After finishing school, Turtiainen graduated in 1925 as dental technician. He worked then in the profession in Vyborg (1927-30) and in Turku and Helsinki (1930-32, 34-36). Until the Depression years and rise of the right-wing Lapua movement, which campaigned to root out all vestiges of Marxism, Turtiainen was not much interested in workers movement. Between the years 1931 and 1932, he studied at the Social Institute journalism and social sciences, and began to contribute in Jyväskylä to the leftist magazine Työn Voima (1932-34). From this period, from 1932 onwards, Turtiainen's faithful companion was his portable Remington typewriter, which he used over 40 years.
In 1934 Turtiainen settled in Helsinki, and published poems in the magazine Tulenkantajat (The Fire Bearers).
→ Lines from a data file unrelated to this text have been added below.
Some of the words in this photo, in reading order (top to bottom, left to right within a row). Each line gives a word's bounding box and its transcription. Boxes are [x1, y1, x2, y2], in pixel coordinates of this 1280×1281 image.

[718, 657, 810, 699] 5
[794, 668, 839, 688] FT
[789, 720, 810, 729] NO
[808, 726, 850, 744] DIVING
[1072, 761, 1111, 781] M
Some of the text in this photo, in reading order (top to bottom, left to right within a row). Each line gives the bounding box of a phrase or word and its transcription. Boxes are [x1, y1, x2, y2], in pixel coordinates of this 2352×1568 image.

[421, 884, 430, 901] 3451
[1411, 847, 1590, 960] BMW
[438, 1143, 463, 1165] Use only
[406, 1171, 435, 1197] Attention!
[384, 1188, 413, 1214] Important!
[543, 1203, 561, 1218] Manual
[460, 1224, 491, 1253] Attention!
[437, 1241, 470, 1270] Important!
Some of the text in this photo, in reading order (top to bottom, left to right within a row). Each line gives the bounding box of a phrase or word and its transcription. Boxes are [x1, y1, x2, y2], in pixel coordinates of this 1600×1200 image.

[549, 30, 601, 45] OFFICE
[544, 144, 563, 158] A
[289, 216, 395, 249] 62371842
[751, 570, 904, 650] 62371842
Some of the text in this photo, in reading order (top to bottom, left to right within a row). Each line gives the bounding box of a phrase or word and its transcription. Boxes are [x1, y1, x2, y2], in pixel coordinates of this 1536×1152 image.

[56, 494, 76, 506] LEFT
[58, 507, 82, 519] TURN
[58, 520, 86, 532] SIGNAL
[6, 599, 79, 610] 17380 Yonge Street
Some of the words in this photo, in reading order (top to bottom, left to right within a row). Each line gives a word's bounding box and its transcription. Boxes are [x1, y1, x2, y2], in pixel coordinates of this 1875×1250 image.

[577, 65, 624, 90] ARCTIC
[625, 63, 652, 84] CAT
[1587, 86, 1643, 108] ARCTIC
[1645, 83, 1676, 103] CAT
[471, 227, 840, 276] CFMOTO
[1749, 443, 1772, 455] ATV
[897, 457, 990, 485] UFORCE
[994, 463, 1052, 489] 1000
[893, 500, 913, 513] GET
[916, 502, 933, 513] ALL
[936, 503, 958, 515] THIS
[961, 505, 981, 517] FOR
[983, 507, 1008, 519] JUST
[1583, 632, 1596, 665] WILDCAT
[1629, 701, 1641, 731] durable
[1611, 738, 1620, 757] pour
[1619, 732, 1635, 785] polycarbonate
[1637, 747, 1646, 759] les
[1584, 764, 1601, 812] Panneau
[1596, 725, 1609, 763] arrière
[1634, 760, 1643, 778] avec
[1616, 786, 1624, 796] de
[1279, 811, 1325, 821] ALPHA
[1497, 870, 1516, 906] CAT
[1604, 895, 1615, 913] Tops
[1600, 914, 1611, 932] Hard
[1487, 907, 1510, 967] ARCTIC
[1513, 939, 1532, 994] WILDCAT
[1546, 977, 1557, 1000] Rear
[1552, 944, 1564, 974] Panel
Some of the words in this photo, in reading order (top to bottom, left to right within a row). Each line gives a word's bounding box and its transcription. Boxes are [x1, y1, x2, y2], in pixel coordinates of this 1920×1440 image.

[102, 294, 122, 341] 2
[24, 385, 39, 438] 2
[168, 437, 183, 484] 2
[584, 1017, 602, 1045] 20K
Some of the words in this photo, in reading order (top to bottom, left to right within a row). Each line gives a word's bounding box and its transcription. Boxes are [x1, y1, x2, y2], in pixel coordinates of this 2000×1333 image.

Soon he became one of the central members of the literary group Kiila, serving as its chair until 1951. Kiila's members favored radical free verse and were more or less Marxists. From 1936 to 1938, Turtiainen was a subeditor of Kirjallisuuslehti. From 1945 to 1947 he edited the magazine 40-luku.
Turtiainen published in 1936 his first collection of poems, Muutos, in which he praised the
workers at factories and buildings, and cursed the evils of the
unemployment. It was followed by the novel Rautakourat (1939), a strike
story, for which Turtiainen worked for some time at a dockyard. In Tie pilven alta (1939), and a
collection of verse, Turtiainen used the technique of epitaph similar
to that of Spoon River Anthology.
All major publishing houses had rejected the work. Eventually it was
accepted by Kirjailijain kustannusliike. Some of the poems were based
on true life accounts. 'Tehtailija Salovaara' told of a manufacturer,
who accidentally shot his gardener, believing him to be a crow. A
member of parliament for Isänmaallinen kansaliike, IKL (Patriotic
People's Party), a nationalist and anti-communist party, threatened
Turtiainen with an action of libel.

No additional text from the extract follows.